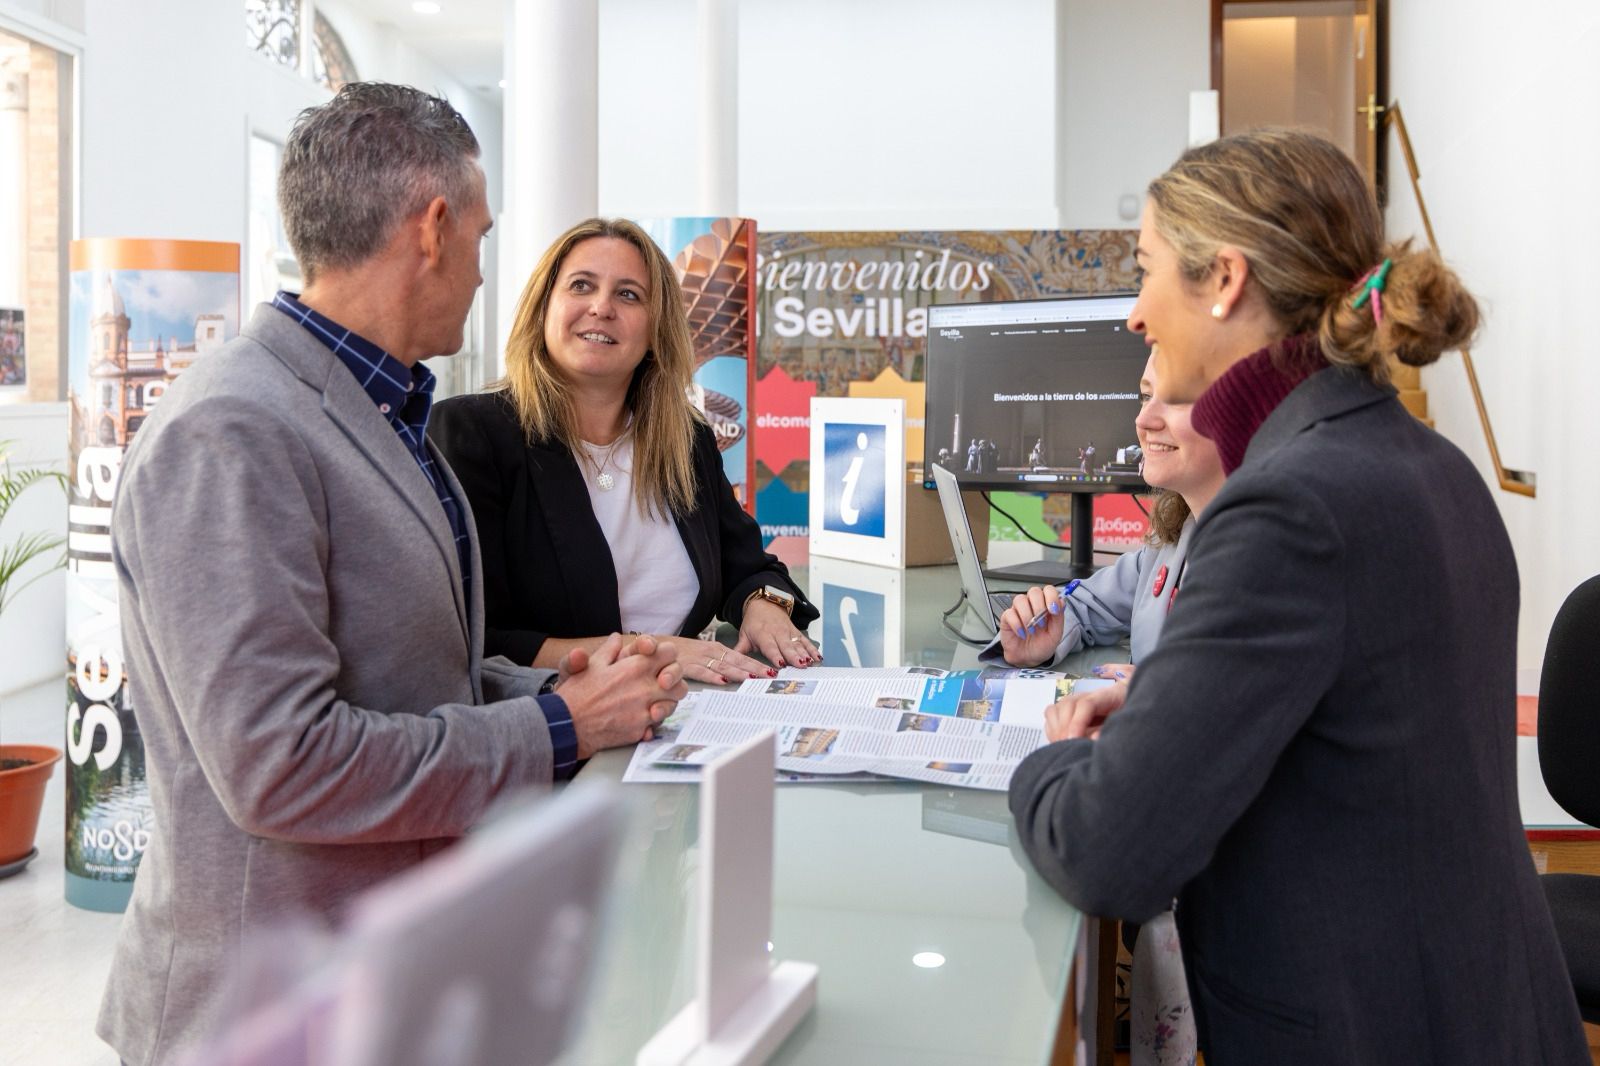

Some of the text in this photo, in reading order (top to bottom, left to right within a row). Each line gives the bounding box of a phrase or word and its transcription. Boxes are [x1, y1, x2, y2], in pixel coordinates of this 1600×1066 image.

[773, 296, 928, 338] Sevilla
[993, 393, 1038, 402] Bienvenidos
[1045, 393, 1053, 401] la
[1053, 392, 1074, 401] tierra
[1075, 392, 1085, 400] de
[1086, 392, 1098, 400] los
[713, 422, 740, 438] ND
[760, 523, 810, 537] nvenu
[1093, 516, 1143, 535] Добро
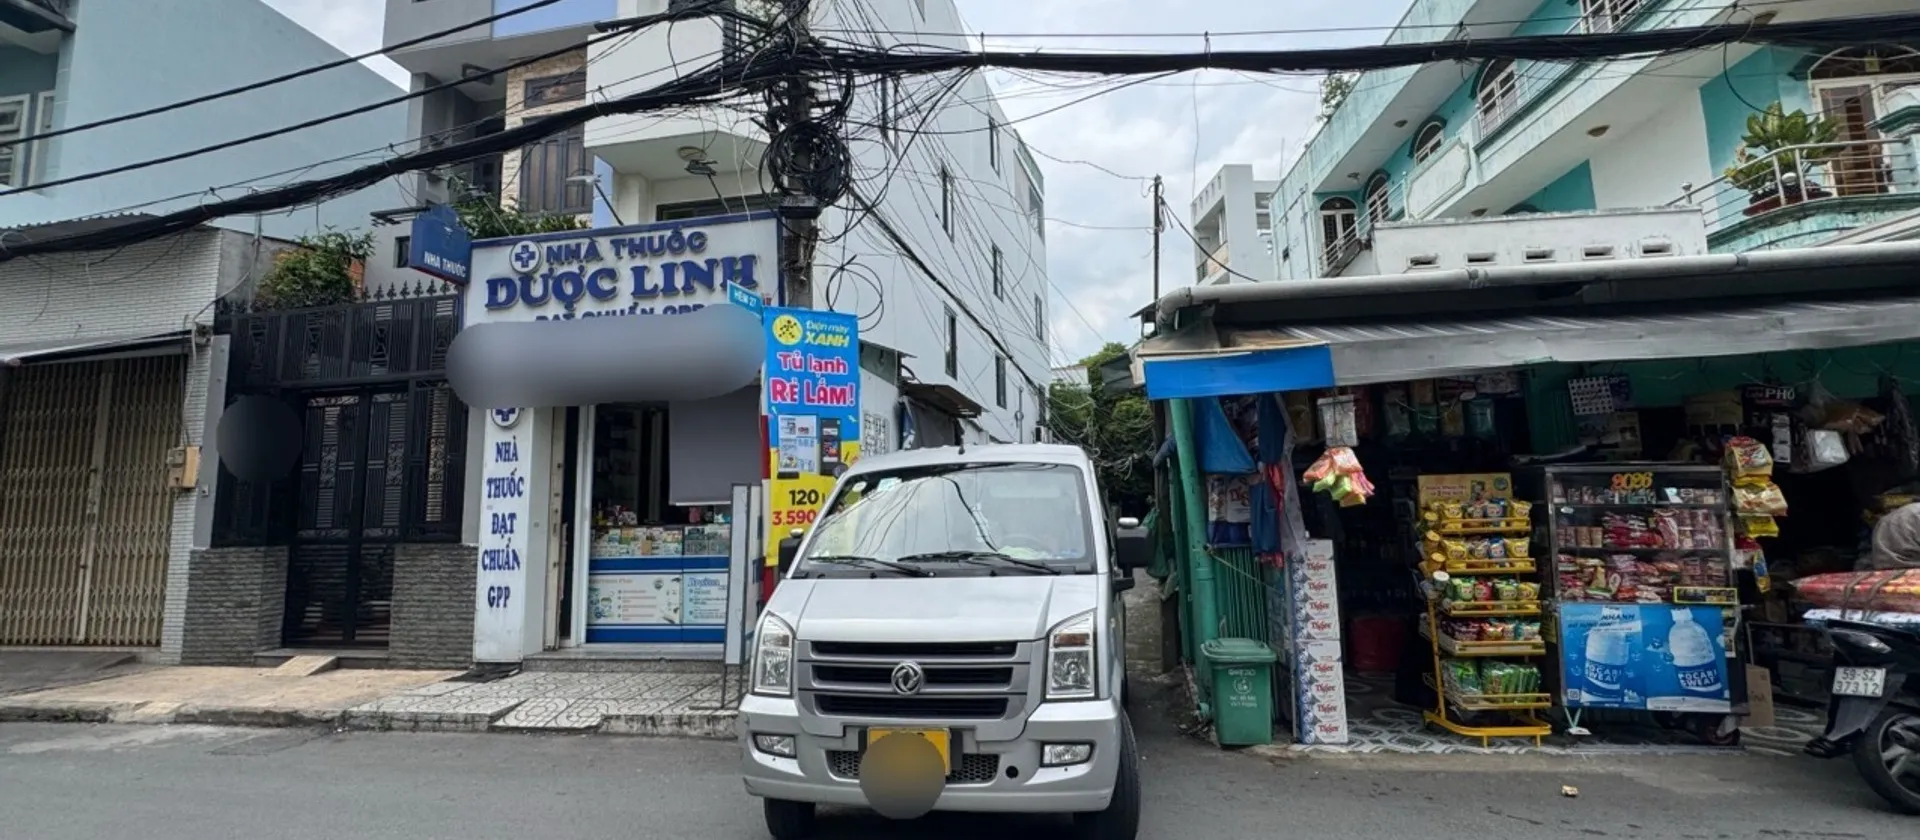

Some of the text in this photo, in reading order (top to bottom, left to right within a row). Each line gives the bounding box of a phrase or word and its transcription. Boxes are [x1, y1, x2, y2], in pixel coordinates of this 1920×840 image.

...

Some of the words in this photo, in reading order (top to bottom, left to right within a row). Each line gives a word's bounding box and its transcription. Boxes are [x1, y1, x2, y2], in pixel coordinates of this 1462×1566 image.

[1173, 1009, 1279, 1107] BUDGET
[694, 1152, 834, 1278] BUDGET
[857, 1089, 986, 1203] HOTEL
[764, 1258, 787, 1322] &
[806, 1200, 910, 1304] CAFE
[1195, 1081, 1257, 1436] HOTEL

• What needs to be done: When you reach the line containing "this 1600×1066 image." in the entries above, begin restating word for word, and stop once the line containing "this 1920×840 image." has been given. Omit the pictures.

• Output:
Some of the text in this photo, in reading order (top to bottom, left to right within a row). Each line gives the bounding box of a phrase or word and its transcription. Boxes are [x1, y1, x2, y2], in pixel coordinates of this 1600×1066 image.

[773, 296, 928, 338] Sevilla
[993, 393, 1038, 402] Bienvenidos
[1045, 393, 1053, 401] la
[1053, 392, 1074, 401] tierra
[1075, 392, 1085, 400] de
[1086, 392, 1098, 400] los
[713, 422, 740, 438] ND
[760, 523, 810, 537] nvenu
[1093, 516, 1143, 535] Добро

Some of the text in this photo, in reading order (top to bottom, left to right within a row). Each line gives the bounding box of a phrase or word and its transcription. Boxes are [x1, y1, x2, y2], in pixel coordinates of this 1920×840 image.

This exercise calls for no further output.